What would happen in the event of credit cycle downturn? Let us assume that economic and credit cycle goes into customary downturn cycle, not necessarily a dramatic event like recession. Even the small increase in number of corporations in default would enormously widen the spread. It could go back to 4% level which has been applied to sub prime corporations in the past, instead of current low level of 2%.
The widening of credit spread due to defaults won't be incremental but sudden. This would make the Ponzi Scheme difficult to perpetuate, and hedge funds which bought up a lot of high-risk derivatives will be severely hit.
It won't just affect hedge funds. Banks which loaned money could be dragged into as well. Let us review the collapse of LTCM (Long-Term Capital Management) 10 years ago. LTCM is only one of many such funds, but FRB of U.S. feared that its collapse would lead to the crisis of the entire financial system. In the current situation, what would happen if hundreds of hedge funds suddenly find themselves in the 'trap of debts' one day? Investors of hedge funds ten years ago are all wealthy individuals. In comparison, these days, banks, mutual funds, and pension funds are their principal investors. A hedge fund crisis could put many people into huge disaster.
The danger from hedge funds is far graver than the collapse of private equity funds. In case of the latter, even if market is in down cycle, investors would not be wiped out as long as they won't place all their bets on derivatives. Most investors would lose only part of their wealth. However, the implosion of Europe's credit bubble would completely wipe out many funds and banks in a blink, as in the collapse of Ponzi Scheme.
I think that China, with almost a TRILLION dollars in bad loans impacting their banking system is a much higher risk.
In any event, I would not invest in China or Europe for that matter.
Where would you invest?
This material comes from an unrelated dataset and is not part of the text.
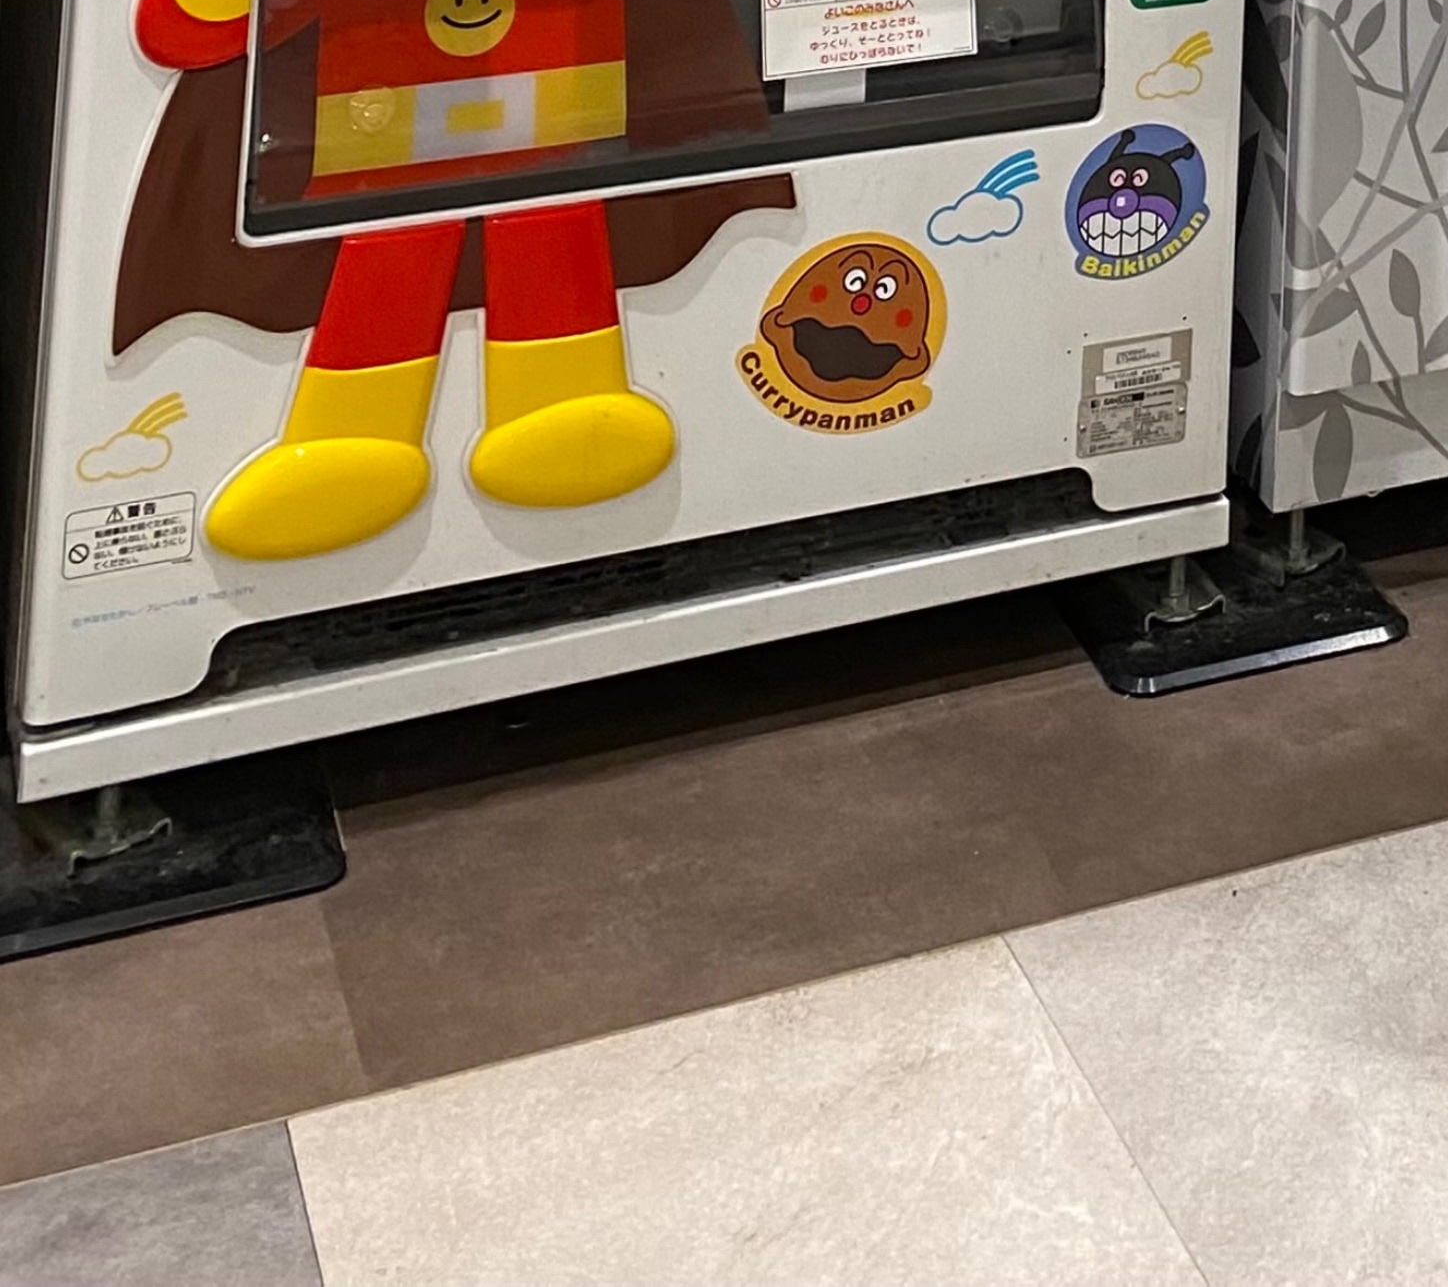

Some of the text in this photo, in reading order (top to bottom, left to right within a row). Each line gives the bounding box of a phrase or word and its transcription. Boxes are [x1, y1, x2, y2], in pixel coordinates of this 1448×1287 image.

V’s wife.
Thanks for the translation.
The more likely scenario is that investors who happily plunged their money on the promise of 20% returns will get a rude awakening that “past performance is no indicator of future performance”.
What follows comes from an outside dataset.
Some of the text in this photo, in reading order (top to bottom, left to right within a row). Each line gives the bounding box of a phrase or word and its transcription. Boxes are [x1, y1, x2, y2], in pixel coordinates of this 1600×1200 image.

Assume that Turkey has a problem, so you sell your Danish CMO (collateralized mortgage obligation) holdings - you are dependent on there being another buyer, able to buy up the entirety of your holdings at the price you want. If you have a lot of Danish CMOs, the market might not be able to absorb all the ones you want to sell, meaning either that you will not sell them , or will have to sell them for less.
Yes, thank you. A fascinating article.
I like Big oil, big financials, pharmaceuticals, and medical device makers.
Examples in order: Exxon, JP Morgan Chase, Merck, and Three M (I know, but they make fabulous bandages and other throw away devices).
"There is no free lunch", and "If something is too good to be true, it invariably is."
Where people (and institutions mostly) seem to get into trouble is when in the interest of scoring a big profit, they drop one side of the hedge, pushing the other.
This is what happened in Marin County California a few years ago. The treasurer dropped one side of the derivative hedge and was hailed as a boy genius with all of the money he was making until the market turned on him and he lost about $3 Billion.
What about the fifty varieties of American financial bubbles? What is Europe to presume significance in this arena?
They might have risky hedge funds, but so does USA, and USA has fifty other species of financial devices that are even more dangerous.